# La foi buissonnière



## Voce

Salve!

Sono di nuovo in difficoltà e questa volta con il titolo! Si tratta di un articolo che analizza i dati di un sondaggio sull'argomento religione tra i giovani svizzeri.

Il titolo originale è:

"*La foi buissonnière **Vous imaginez que la météo n’intéresse que grand-mère? Vous avez tout faux".

*La mia traduzione è la seguente:

*"Marinare la fede.* Pensate che il meteo interessi soltanto alla nonna? Vi sbagliate completamente".

So che *buissonnière *si usa nell'espressione francese per "marinare la scuola", ma mi chiedo se il mio adattamento sia corretto.

Grazie sin d'ora per ogni suggerimento!


----------



## Matrap

Ciao voce

Una domanda: ma cosa centra il meteo con la Fede?


----------



## Voce

Ciao, Matrap! Beh si tratta di un sondaggio tra i giovani condotto da una grossa banca svizzera e chiamato *"Barometro della gioventù". *I giornalai si aggrappano a qualsiasi cosa.


----------



## Matrap

Capisco.

Comunque avevo pensato a qualcosa tipo "una fede vagante/errante" ad indicare che non sempre è presente...


----------



## Voce

Ripete la stessa espressione alla fine dell'articolo: "Leur nouveauté, c’est d’estimer en majorité pouvoir vivre cette foi à leur manière, en dehors de l’institution. *La foi buissonnière*".
Anche in questo caso ho tradotto così: "La novità è che in maggioranza reputano di poter vivere tale fede a modo loro, al di fuori delle istituzioni. *Marinano la fede*".
Non so se la fede "vagante/errante" possa andare bene, anche se contribuisce a evocare qualcosa che al momento non riesco a esprimere.


----------



## Necsus

Come continua la prima citazione? Perché la seconda a me suggerisce qualcosa del tipo "la fede su misura" o "a proprio uso e consumo"...


----------



## Voce

Necsus said:


> Come continua la prima citazione? Perché la seconda a me suggerisce qualcosa del tipo "la fede su misura" o "a proprio uso e consumo"...


Buongiorno, Necsus!
Purtroppo non continua poiché fa parte del titolo all'articolo. L'espressione si ripete soltanto alla fine (seconda citazione).


----------



## matoupaschat

Ciao Voce,

Suppongo che ti riporti a questo. Senza staccare ben bene le due parti, così:

*"La foi buissonnière" 
*
"Vous imaginez que la météo n’intéresse que grand-mère? Vous avez tout faux"
​
certo che pare un'incongruità!

Poi, digitando su google "La foi buissonnière" e curiosando tra le varie pagine, mi sembra d'intuire un significato vicino alla "Fede fuori dai sentieri battuti".


----------



## Voce

Grazie, Matoupaschat. L'articolo è proprio quello e sono contento che tu abbia potuto leggerlo tutto. Dovrò consegnarlo tra mezz'ora circa e farei ancora in tempo a cambiarlo. Ma non riesco ormai più a vederlo in altro modo. Quei giovani, dopotutto, anche se si riconoscono in una chiesa non la frequentano. Da qui, mi pare, il collegamento con il "marinare la scuola".

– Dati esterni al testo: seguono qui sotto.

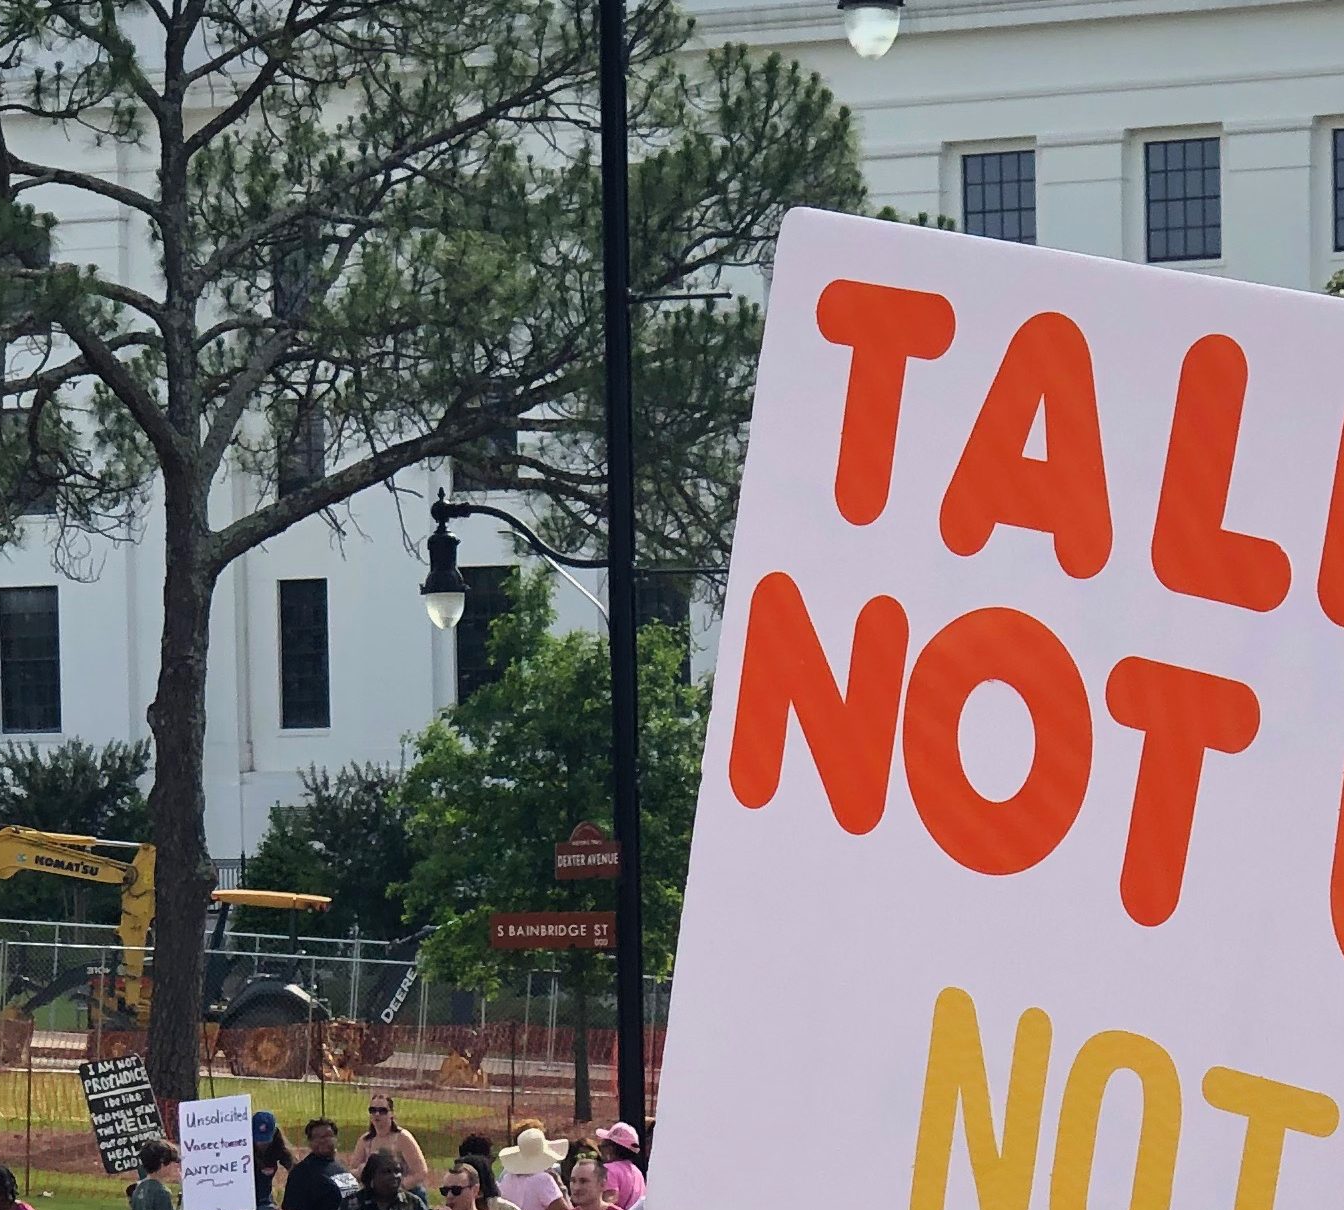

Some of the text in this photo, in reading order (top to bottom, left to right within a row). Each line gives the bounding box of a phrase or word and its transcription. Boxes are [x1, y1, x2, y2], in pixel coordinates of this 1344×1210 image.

[727, 571, 1261, 927] NOT
[34, 854, 99, 877] KOMATSU
[557, 852, 619, 868] DEXTER AVENUE
[497, 924, 609, 937] S BAINBRIDGE ST
[380, 966, 419, 1025] DEERE
[88, 1056, 138, 1076] I AM NOT
[97, 1114, 157, 1137] THE HELL
[185, 1106, 249, 1129] Unsolicited
[107, 1144, 140, 1162] HEAL

Ho visto un rete che c'è anche una "Théologie *buissonnière*", e mi par di capire che si riferisca a dottrine considerate eretiche.
E se fosse: "Fede clandestina"? Oppure, rifacendomi al tuo suggerimento: *"Fede fuori dagli schemi?"*


----------



## matoupaschat

Clandestina, non direi. Mi sembra che siamo vicini al significato suggerito da Necsus e insieme al tuo "marinare la fede". Avere la fede, ma fuori dalla fede istituita... La fede vagabonda... Cosa diresti di "La fede senza/fuori sede" (amabilmente suggerito da treccani: vagabondo:_di persona che, priva per lo più di una sede o dimora fissa).
_Lo so che è di cattivo gusto... come spesso i titoli dei giornali


----------



## Voce

Appena in tempo, matoupaschat! Grazie! Sulla base delle tue indicazioni credi allora che possa andare bene "fede fuori dagli schemi"?
Mi sembra che questo significato sia più o meno contemplato anche qui: http://www.cnrtl.fr/definition/buissonnier o sbaglio?


----------



## matoupaschat

Oui, je crois. C'était aussi le sens que je voulais donner à vagabond. Désolé de ne pas avoir réfléchi plus tôt à ta demande...
Ciao!


----------



## Voce

Grazie mille, matoupaschat! E ancora una volta mi hai salvato la vita! Evviva la solidarietà felina!


----------



## Anja.Ann

Ciao Voce  e ciao a tutti! 

Non andava bene qualcosa tipo "La messa ... bigiata"?


----------



## Voce

Ciao, Anja!
Puntuale come sempre
Ho dovuto consegnare subito dopo l'ultimo intervento e ormai è rimasto "Fede fuori dagli schemi". In ogni caso "messa" non avrebbe funzionato poiché si parla anche dei protestanti. Comunque grazie per il consiglio! Ciao!


----------



## Anja.Ann

Grazie a te, Voce! 

... e, hai ragione ... non sapevo dei protestanti! Allora, giusto per rimanere in tema bucolico  ... "La fede si dà alla macchia" ?


----------



## matoupaschat

Anja.Ann said:


> Allora, giusto per rimanere in tema bucolico  ... "La fede si dà alla macchia" ?


Waow


----------



## Anja.Ann

Mais merci, merci, merci, Matou!!! 
 et bisous aussi!


----------



## Voce

Anja.Ann said:


> Mais merci, merci, merci, Matou!!!
> et bisous aussi!


Se Matou conferma, allora è di sicuro una buona soluzione! Ma ormai è andata e, tra parentesi, la mia soluzione è stata apprezzata (meno male).


----------